You might be familiar with buying and selling cryptocurrencies, but have you tapped into the world of crypto airdrops? Airdrops are essentially marketing strategies that are designed to build awareness and interest in a blockchain-based crypto project. As we set out to provide more information and explain what these are we will also touch on the powerful benefits that airdrops can bring to investors.
A crypto airdrop is when a project gives out its native coins for free as a marketing tool to generate hype, grow its network and gain wider adoption, essentially providing free money. On occasion, the coins require small tasks such as following social media pages, and other times they are entirely free of engagements.
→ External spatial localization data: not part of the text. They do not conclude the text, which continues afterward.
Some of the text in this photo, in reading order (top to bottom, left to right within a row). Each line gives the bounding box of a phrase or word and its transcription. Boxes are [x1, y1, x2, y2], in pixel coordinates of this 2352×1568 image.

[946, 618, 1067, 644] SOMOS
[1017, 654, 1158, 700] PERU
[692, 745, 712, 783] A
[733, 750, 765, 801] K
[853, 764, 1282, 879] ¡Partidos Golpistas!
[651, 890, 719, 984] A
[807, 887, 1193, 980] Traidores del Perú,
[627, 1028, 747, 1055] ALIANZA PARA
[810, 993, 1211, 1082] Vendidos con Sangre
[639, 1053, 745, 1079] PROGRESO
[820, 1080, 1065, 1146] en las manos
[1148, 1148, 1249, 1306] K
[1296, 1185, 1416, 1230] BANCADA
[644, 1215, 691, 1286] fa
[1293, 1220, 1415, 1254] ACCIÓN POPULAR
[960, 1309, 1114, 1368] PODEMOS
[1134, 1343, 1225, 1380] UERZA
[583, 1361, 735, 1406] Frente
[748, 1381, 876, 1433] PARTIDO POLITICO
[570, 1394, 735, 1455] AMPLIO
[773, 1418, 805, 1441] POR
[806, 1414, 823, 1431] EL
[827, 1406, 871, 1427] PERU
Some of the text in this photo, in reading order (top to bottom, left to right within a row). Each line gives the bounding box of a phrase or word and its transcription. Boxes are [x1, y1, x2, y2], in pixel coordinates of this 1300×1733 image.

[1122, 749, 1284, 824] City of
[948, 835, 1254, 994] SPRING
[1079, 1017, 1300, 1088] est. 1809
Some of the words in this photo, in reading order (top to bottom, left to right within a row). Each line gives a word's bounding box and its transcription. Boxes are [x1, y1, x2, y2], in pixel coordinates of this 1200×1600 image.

These coins are then transferred to current or potential users' wallets for free in the hopes of drawing in more business. Airdrops rose to fame in the ICO boom of 2017 and are still used today. While handed out for free, airdrops can increase in value over time, becoming potentially lucrative to the receivers.
Through distributing coins, projects increase their number of holders (a positive metric for up and coming projects) as well as increase their decentralisation (due to increased token ownership).
An airdrop is typically outlined in a project's roadmap and will commence once certain criteria have been met. While airdrops can range from project to project, they typically involve small amounts of cryptocurrencies, often built on Ethereum or other smart chain, being distributed to several wallets.
These coins are usually distributed for free, however, on occasion users will need to perform small tasks related to marketing (like engaging on social media or subscribing to a newsletter) or hold a certain number of coins in their wallet. A successful airdrop will see its recipients promoting the project and generating hype before being listed on an exchange.
While both are related to new digital currency projects, the major difference between the two is that airdrops are when tokens are distributed for free while ICOs require participants to purchase the project's tokens with an outlined purchase price. ICOs are a source of crowdfunding while airdrops are marketing strategies.
As mentioned above there are several different types of airdrops; exclusive, bounty and holder.
These airdrops are centered around active members of the community or early adopters. In exclusive airdrops, coins are only sent to designated wallets. Uniswap is a classic example of this, distributing 400 UNI to each wallet that had engaged in the platform before a certain date. The governance token allowed holders to vote on the project's future developments.
Bounty airdrops are when users need to engage in the platform in order to claim their tokens. This typically involves activities related to social media (liking a post, joining a Telegram channel, tagging friends, etc.) and the project might ask to see proof before distributing the coins.
This type of airdrop is for users already holding the project's token to thank them for their loyalty. Typically the project's team will take a snapshot of the wallet balances at a certain time and reward all the wallets that meet the minimum criteria.
When creating holder airdrops, projects might use other more established cryptocurrencies in the hopes of tapping into their networks. For example, in 2016 Stellar (XLM) airdropped 3 billion XLM to users on the Bitcoin network, granting them free access to the Stellar network.
Naturally, there are ill actors out there who take advantage and have created airdrop scams. These scams might involve a "project" airdropping tokens into a wallet but when the holder attempts to move these tokens their wallet is drained.
Another example of an airdrop scam is a project enticing you to sign up for the airdrop by connecting your wallet only to take your wallet details and gain access to your account. These are typically conducted through websites and fake Twitter and Telegram accounts that look very similar to the real deal but are in fact phishing scams.
It's important to DYOR ( do your own research ) when engaging in an airdrop, and know that a project will never require you to send funds in order to "unlock" tokens or require you to provide a seed phrase or private key.
Another downside to airdrops is that projects can create an incorrect impression of growth. If thousands of coins are distributed to thousands of wallets this might cause the project to look busier and more adopted than it actually is. When judging a project by this metric ensure that it has an active trading volume that reflects the number of wallet holders, if there are plenty holders and minimal activity consider this a big red flag.